##### TASK INPUTS

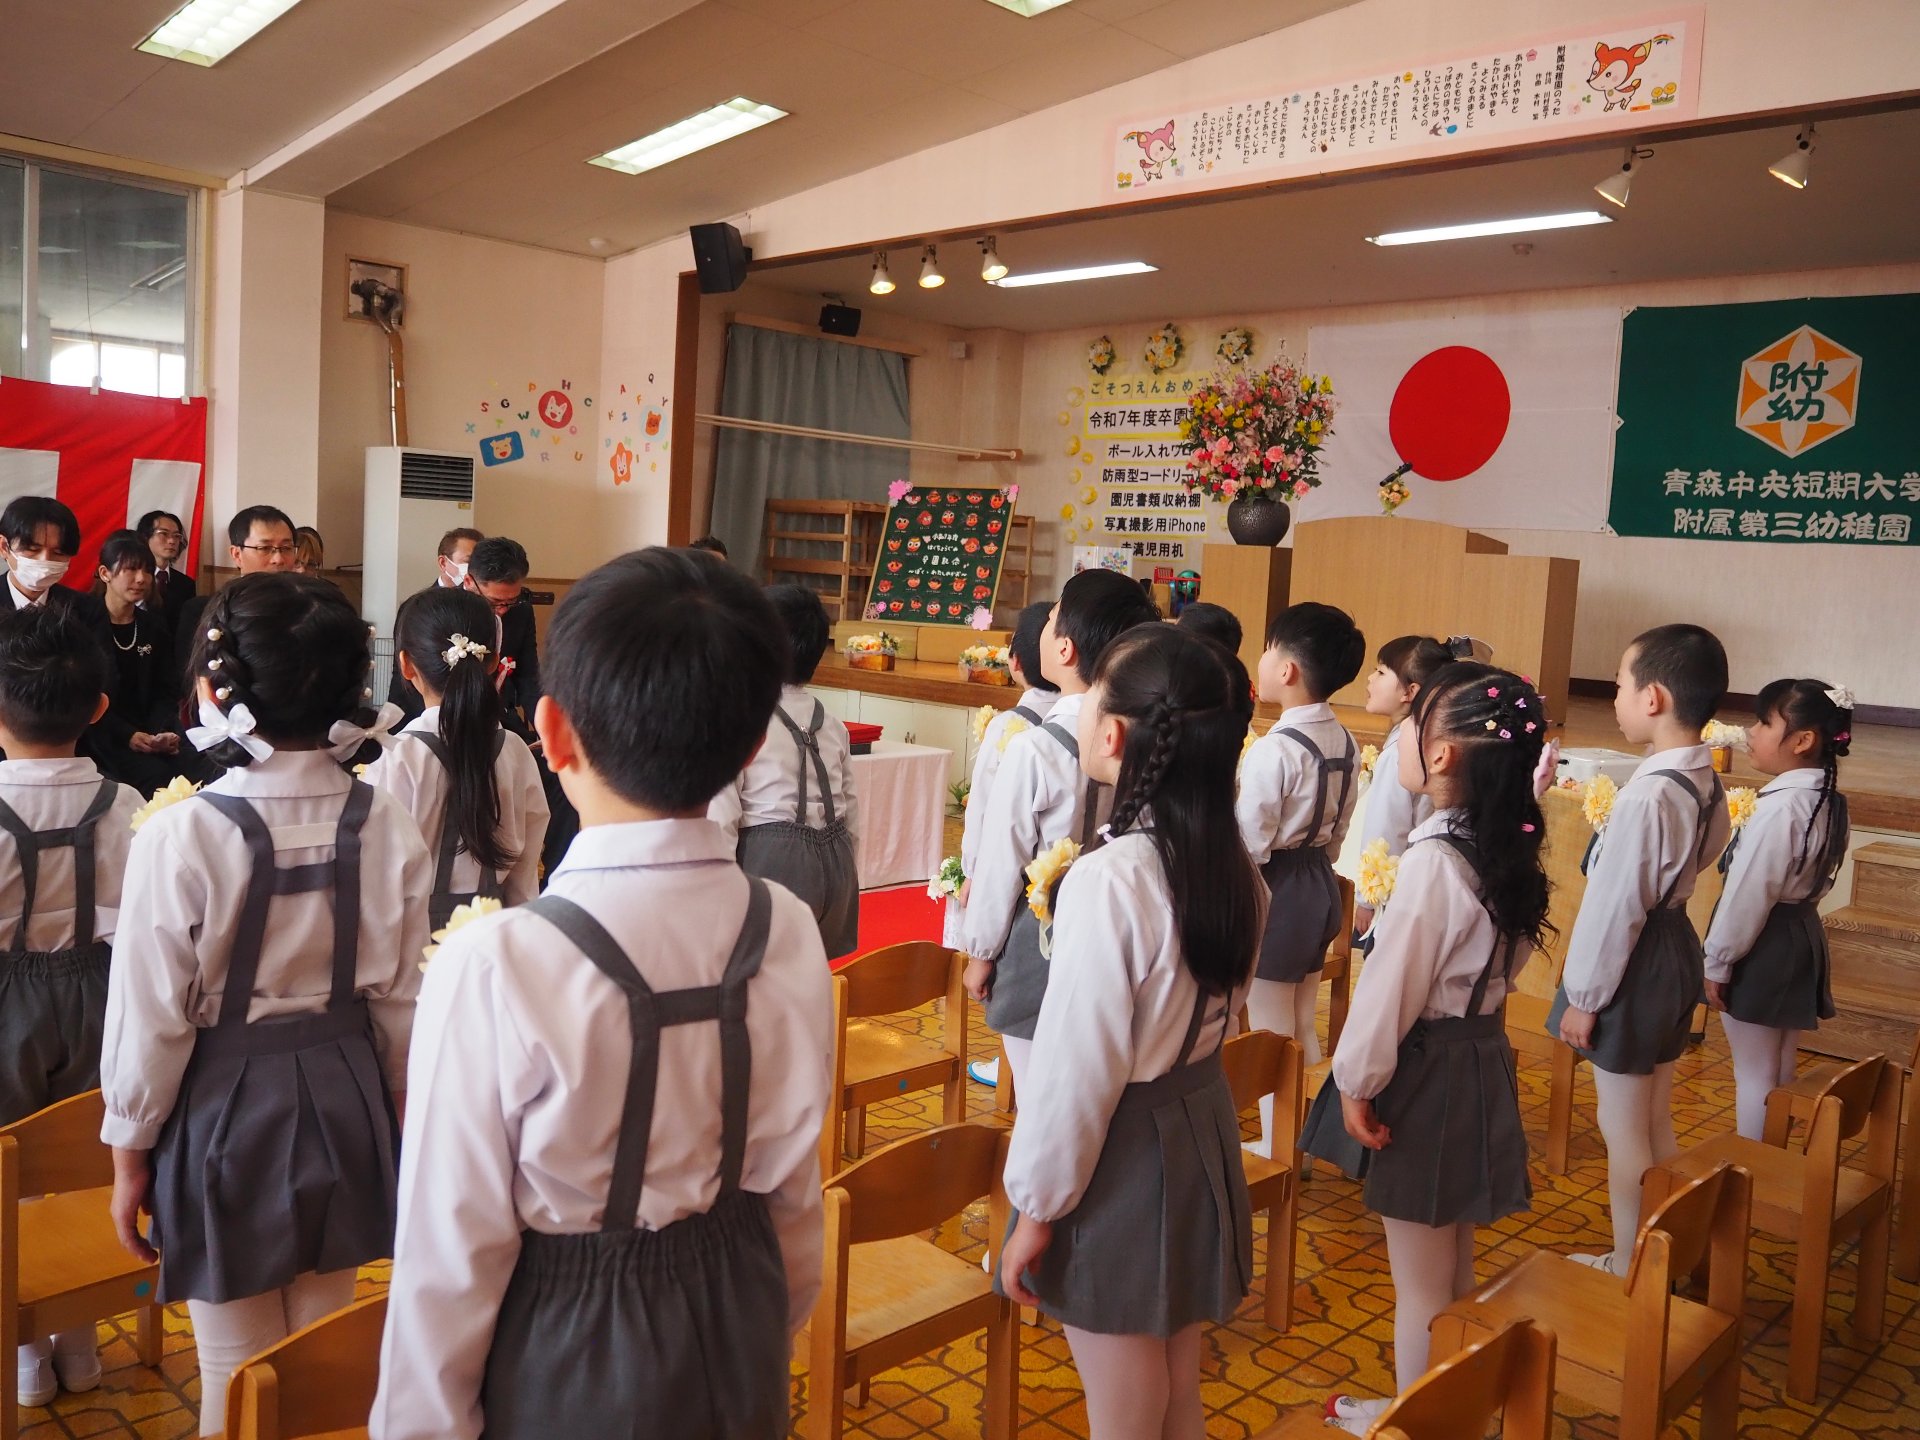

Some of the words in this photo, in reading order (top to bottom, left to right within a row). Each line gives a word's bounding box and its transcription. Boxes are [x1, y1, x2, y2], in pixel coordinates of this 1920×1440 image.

[1479, 69, 1488, 109] よくみえる
[1490, 58, 1500, 117] たかいおやまも
[1501, 65, 1510, 106] あおいそら
[1512, 54, 1522, 113] あかいおやねと
[1412, 80, 1420, 120] ようちえん
[1421, 70, 1431, 126] ひろいふぞくの
[1432, 76, 1440, 117] こんにちは
[1454, 73, 1463, 113] おともだち
[1340, 95, 1349, 132] おともだち
[1391, 76, 1400, 140] おへやもきれいに
[1302, 102, 1310, 138] ようちえん
[1321, 98, 1329, 135] こんにちは
[1191, 122, 1199, 157] ようちえん
[1235, 114, 1243, 150] おともだち
[562, 380, 571, 390] H
[648, 373, 654, 384] Q
[528, 382, 536, 392] P
[620, 384, 626, 394] A
[481, 403, 489, 412] S
[501, 398, 510, 408] G
[584, 398, 592, 407] C
[662, 397, 668, 406] Y
[518, 411, 530, 420] W
[608, 411, 614, 420] K
[622, 412, 628, 422] Z
[1089, 407, 1195, 429] 令和7年度卒園
[465, 423, 475, 433] X
[530, 428, 540, 438] N
[552, 436, 560, 445] V
[645, 443, 651, 452] E
[541, 452, 549, 462] R
[574, 451, 583, 461] U
[1103, 468, 1200, 483] 防雨型コードリー
[1662, 468, 1920, 501] 青森中央短期大学
[1111, 492, 1200, 508] 園児書類収納棚
[1674, 508, 1911, 542] 附属第三幼稚園
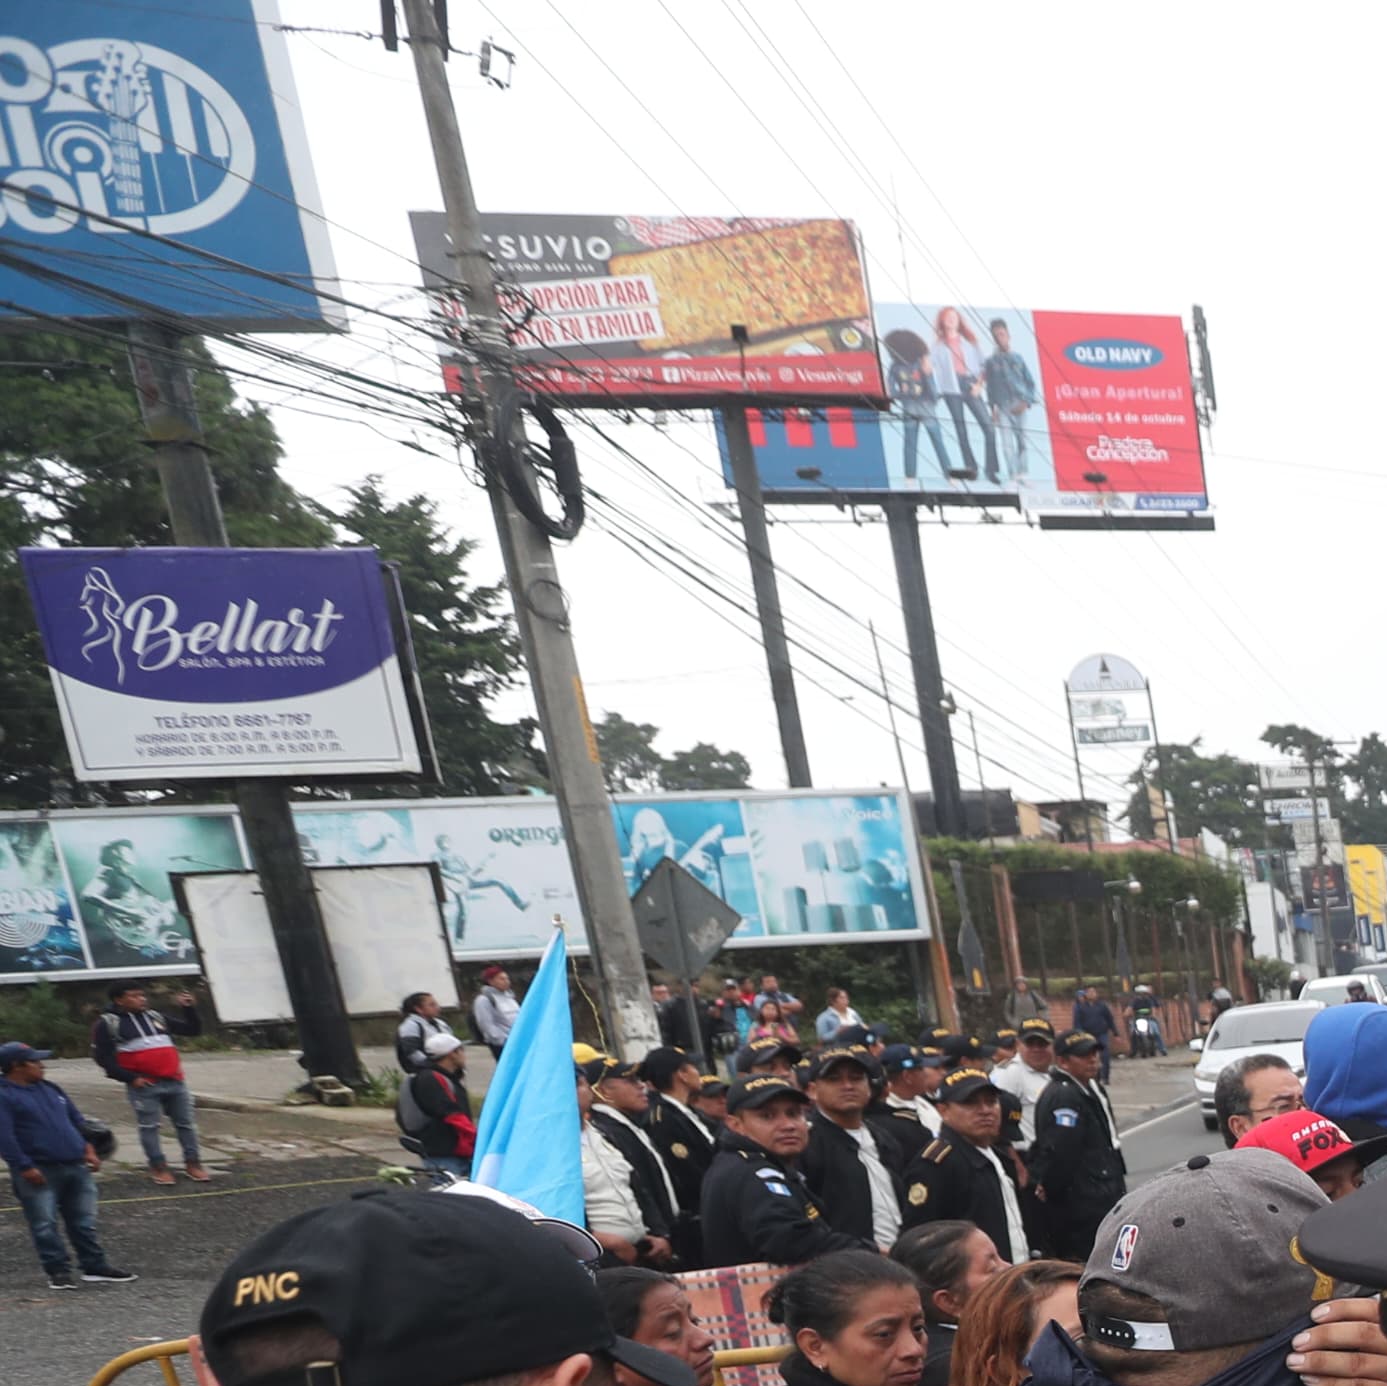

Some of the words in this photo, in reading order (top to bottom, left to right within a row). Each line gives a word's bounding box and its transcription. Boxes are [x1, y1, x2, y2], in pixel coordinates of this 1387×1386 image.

[602, 279, 650, 304] PARA
[558, 317, 583, 342] EN
[585, 311, 657, 339] FAMILIA
[1073, 346, 1108, 363] OLD
[1110, 347, 1153, 364] NAVY
[123, 594, 345, 671] Bellart
[234, 1270, 300, 1308] PNC
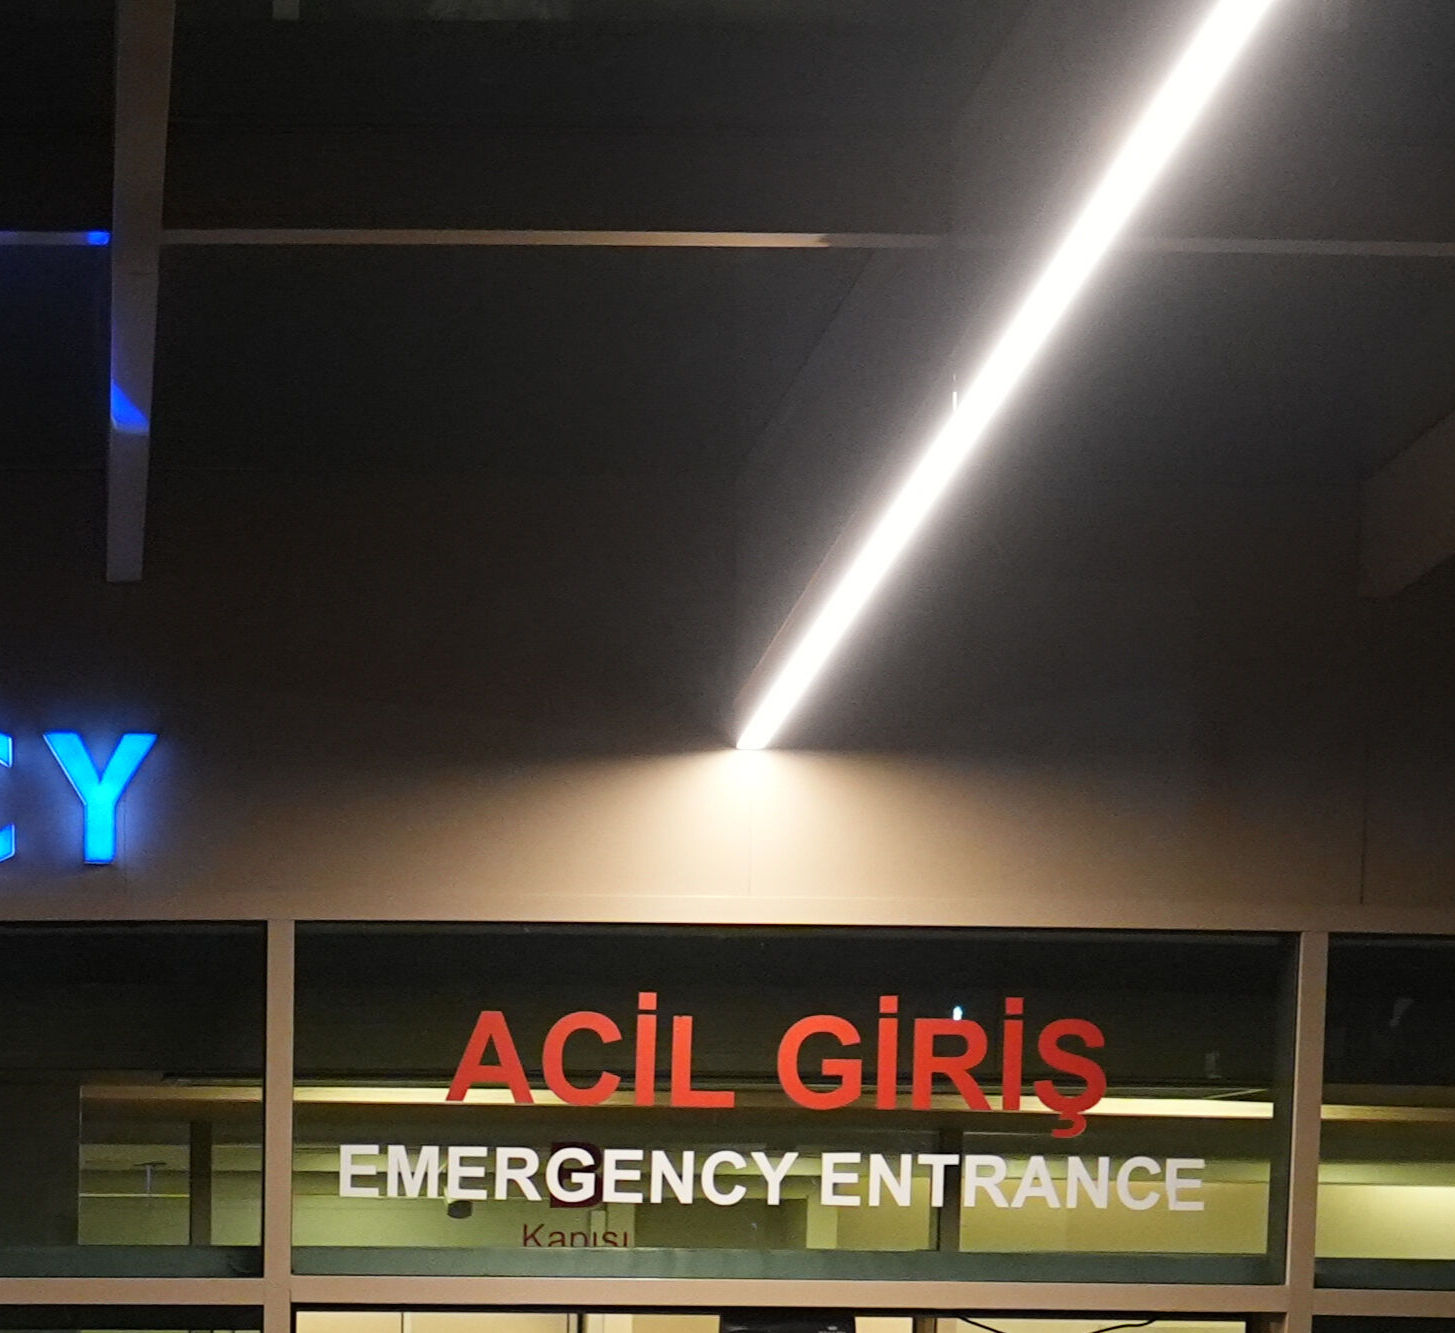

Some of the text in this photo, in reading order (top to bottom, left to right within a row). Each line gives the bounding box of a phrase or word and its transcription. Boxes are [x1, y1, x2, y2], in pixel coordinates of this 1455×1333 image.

[446, 991, 1108, 1137] ACİL GİRİŞ
[339, 1143, 1206, 1212] EMERGENCY ENTRANCE
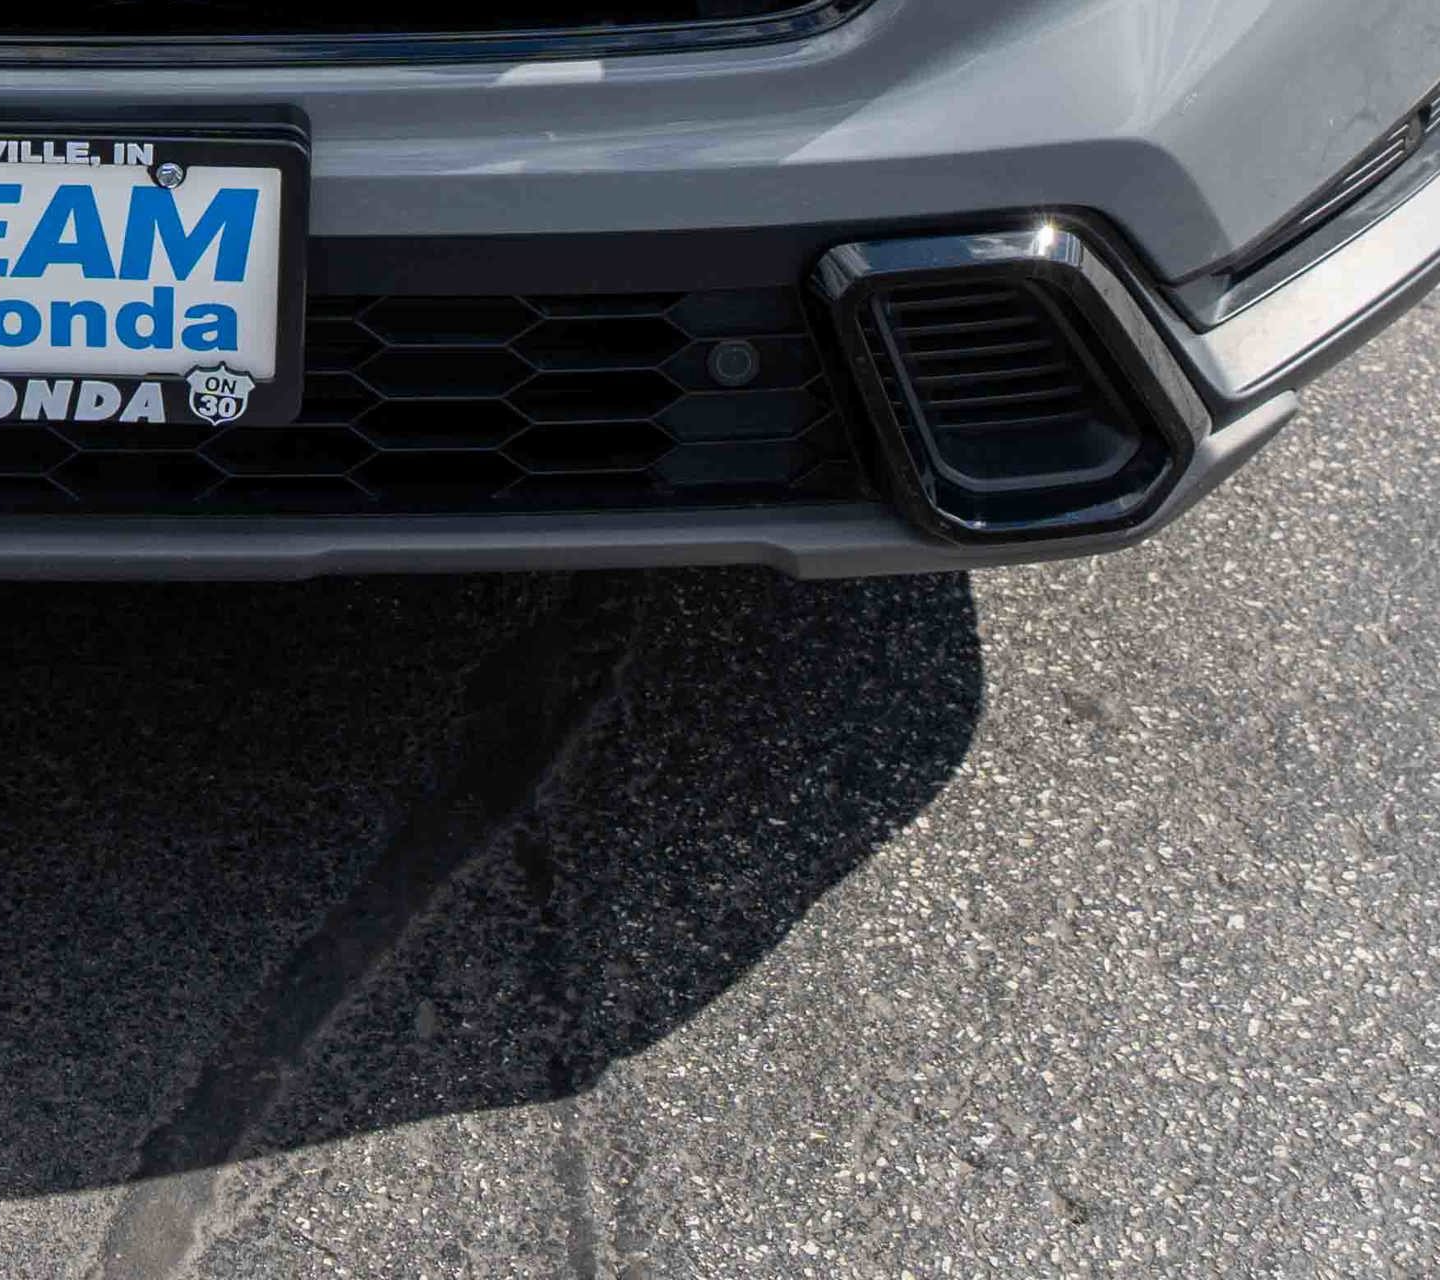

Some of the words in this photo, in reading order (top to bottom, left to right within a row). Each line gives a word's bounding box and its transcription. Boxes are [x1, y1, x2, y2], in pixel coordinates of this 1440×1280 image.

[113, 142, 154, 166] IN
[204, 376, 237, 395] ON
[198, 395, 237, 418] 30

##########

* EXERCISE BRIEF:
Could you repeat all of the entries exactly, without the pictures?

* TASK ANSWER:
Some of the words in this photo, in reading order (top to bottom, left to right within a row). Each line gives a word's bounding box and its transcription. Boxes are [x1, y1, x2, y2], in pixel coordinates of this 1920×1440 image.

[1479, 69, 1488, 109] よくみえる
[1490, 58, 1500, 117] たかいおやまも
[1501, 65, 1510, 106] あおいそら
[1512, 54, 1522, 113] あかいおやねと
[1412, 80, 1420, 120] ようちえん
[1421, 70, 1431, 126] ひろいふぞくの
[1432, 76, 1440, 117] こんにちは
[1454, 73, 1463, 113] おともだち
[1340, 95, 1349, 132] おともだち
[1391, 76, 1400, 140] おへやもきれいに
[1302, 102, 1310, 138] ようちえん
[1321, 98, 1329, 135] こんにちは
[1191, 122, 1199, 157] ようちえん
[1235, 114, 1243, 150] おともだち
[562, 380, 571, 390] H
[648, 373, 654, 384] Q
[528, 382, 536, 392] P
[620, 384, 626, 394] A
[481, 403, 489, 412] S
[501, 398, 510, 408] G
[584, 398, 592, 407] C
[662, 397, 668, 406] Y
[518, 411, 530, 420] W
[608, 411, 614, 420] K
[622, 412, 628, 422] Z
[1089, 407, 1195, 429] 令和7年度卒園
[465, 423, 475, 433] X
[530, 428, 540, 438] N
[552, 436, 560, 445] V
[645, 443, 651, 452] E
[541, 452, 549, 462] R
[574, 451, 583, 461] U
[1103, 468, 1200, 483] 防雨型コードリー
[1662, 468, 1920, 501] 青森中央短期大学
[1111, 492, 1200, 508] 園児書類収納棚
[1674, 508, 1911, 542] 附属第三幼稚園

Some of the words in this photo, in reading order (top to bottom, left to right within a row). Each line gives a word's bounding box and its transcription. Boxes are [x1, y1, x2, y2], in pixel coordinates of this 1387×1386 image.

[602, 279, 650, 304] PARA
[558, 317, 583, 342] EN
[585, 311, 657, 339] FAMILIA
[1073, 346, 1108, 363] OLD
[1110, 347, 1153, 364] NAVY
[123, 594, 345, 671] Bellart
[234, 1270, 300, 1308] PNC

Some of the text in this photo, in reading order (top to bottom, left to right within a row). Each line gives the bounding box of a phrase or word and its transcription. Boxes are [x1, y1, x2, y2], in pixel coordinates of this 1455×1333 image.

[446, 991, 1108, 1137] ACİL GİRİŞ
[339, 1143, 1206, 1212] EMERGENCY ENTRANCE

Some of the words in this photo, in reading order (top to bottom, left to right within a row). Each line gives a word's bounding box and its transcription. Boxes are [x1, y1, x2, y2], in pixel coordinates of this 1440×1280 image.

[113, 142, 154, 166] IN
[204, 376, 237, 395] ON
[198, 395, 237, 418] 30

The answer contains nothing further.